The answer is no, the group von Neumann algebra of the Burnside group $B(2,665)$ does not have property Gamma. In fact, $B(2,665)$ is not inner amenable.

To see this, first note that, as pointed out in the question, $B(2,665)$ is nonamenable, and the centralizer of every non-identity element of $B(2,665)$ is finite. However, every nonamenable inner amenable group $G$ contains a non-identity element whose centralizer is nonamenable. This is a consequence of applying the following well-known folklore lemma to the conjugation action of $G$ on $G-1$:

Lemma: if an action of a nonamenable group $G$ on a set $X$ admits an invariant finitely additive probability measure $\mu$, then there is a point $x\in X$ whose stabilizer subgroup $G_x$ is nonamenable.

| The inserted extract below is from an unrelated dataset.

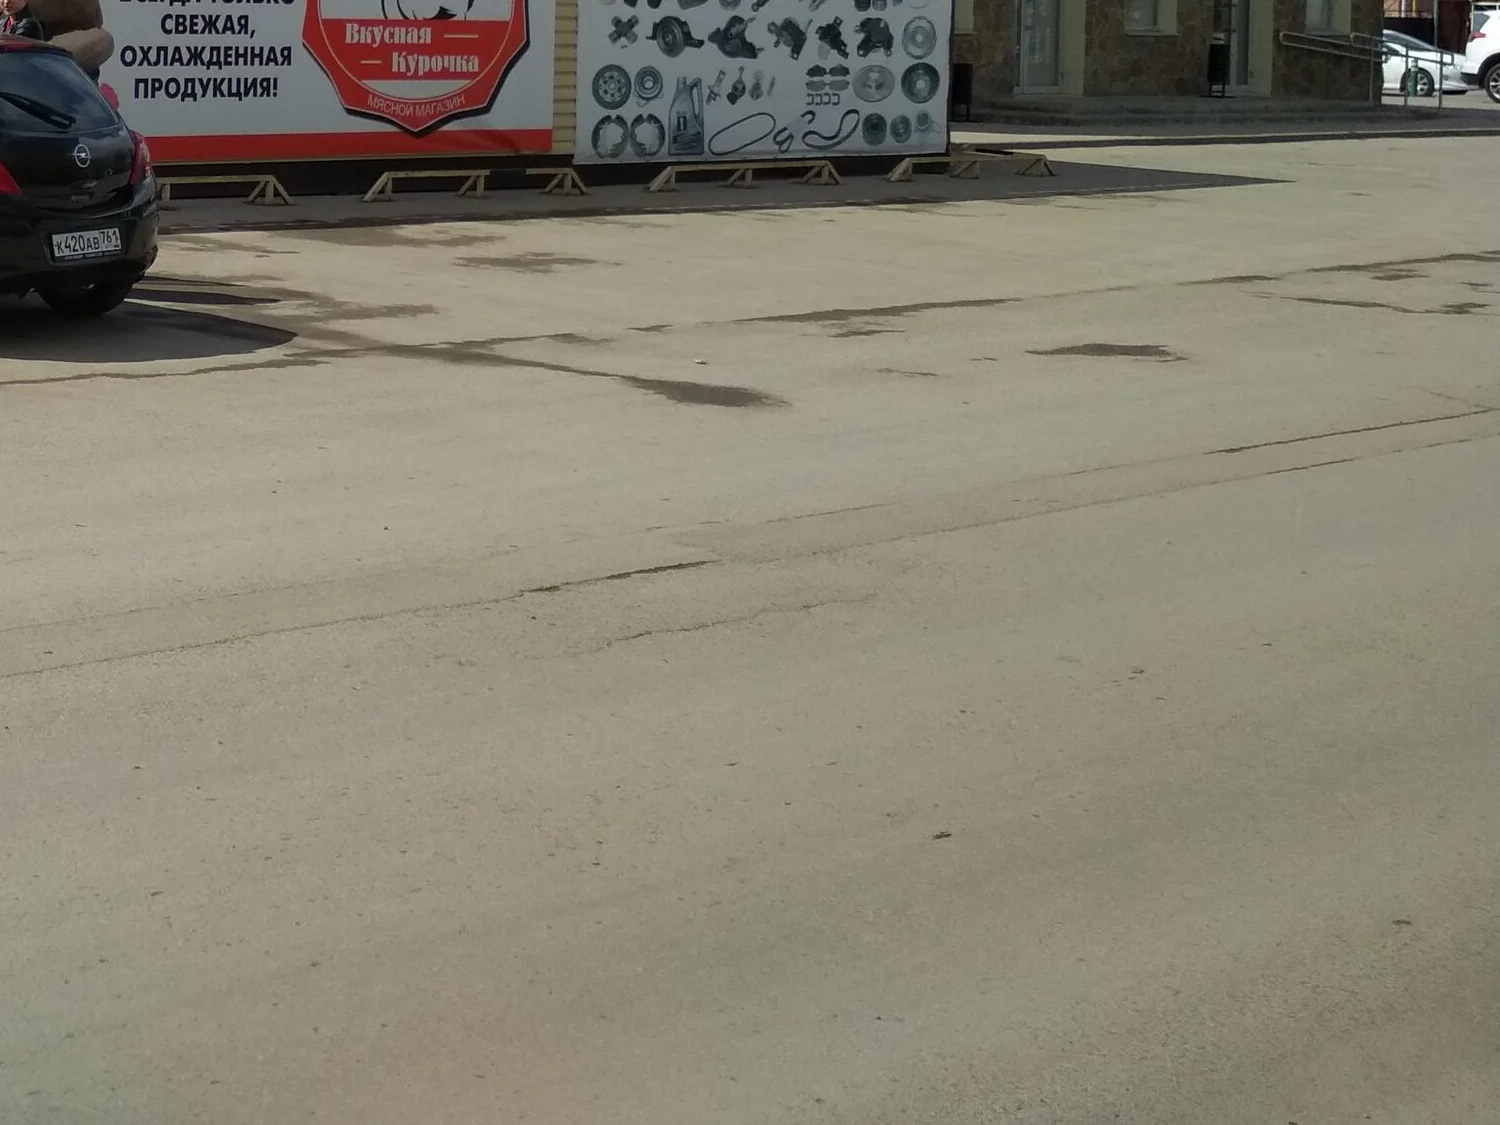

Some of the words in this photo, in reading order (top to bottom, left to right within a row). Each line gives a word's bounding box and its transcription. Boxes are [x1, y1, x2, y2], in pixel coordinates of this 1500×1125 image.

There are a variety of proofs of this Lemma. Here is a standard averaging argument: Suppose that every $G_x$ is amenable. Let $X_0\subset X$ contain one point from each $G$-orbit and for $x\in X_0$ let $\nu _x$ be a finitely additive probability measure on $G$ which is invariant under left translation by $G_x$. Then $x\mapsto \nu _x$ extends to a well-defined assignment on all of $X$ by taking $\nu _{g\cdot x} = g\cdot \nu _x$ for $x\in X_0$, $g\in G$. The barycenter $\nu = \int _X \nu _x \, d\mu (x)$ is then invariant under left translation by $G$, so $G$ is amenable, contrary to the hypothesis of the lemma.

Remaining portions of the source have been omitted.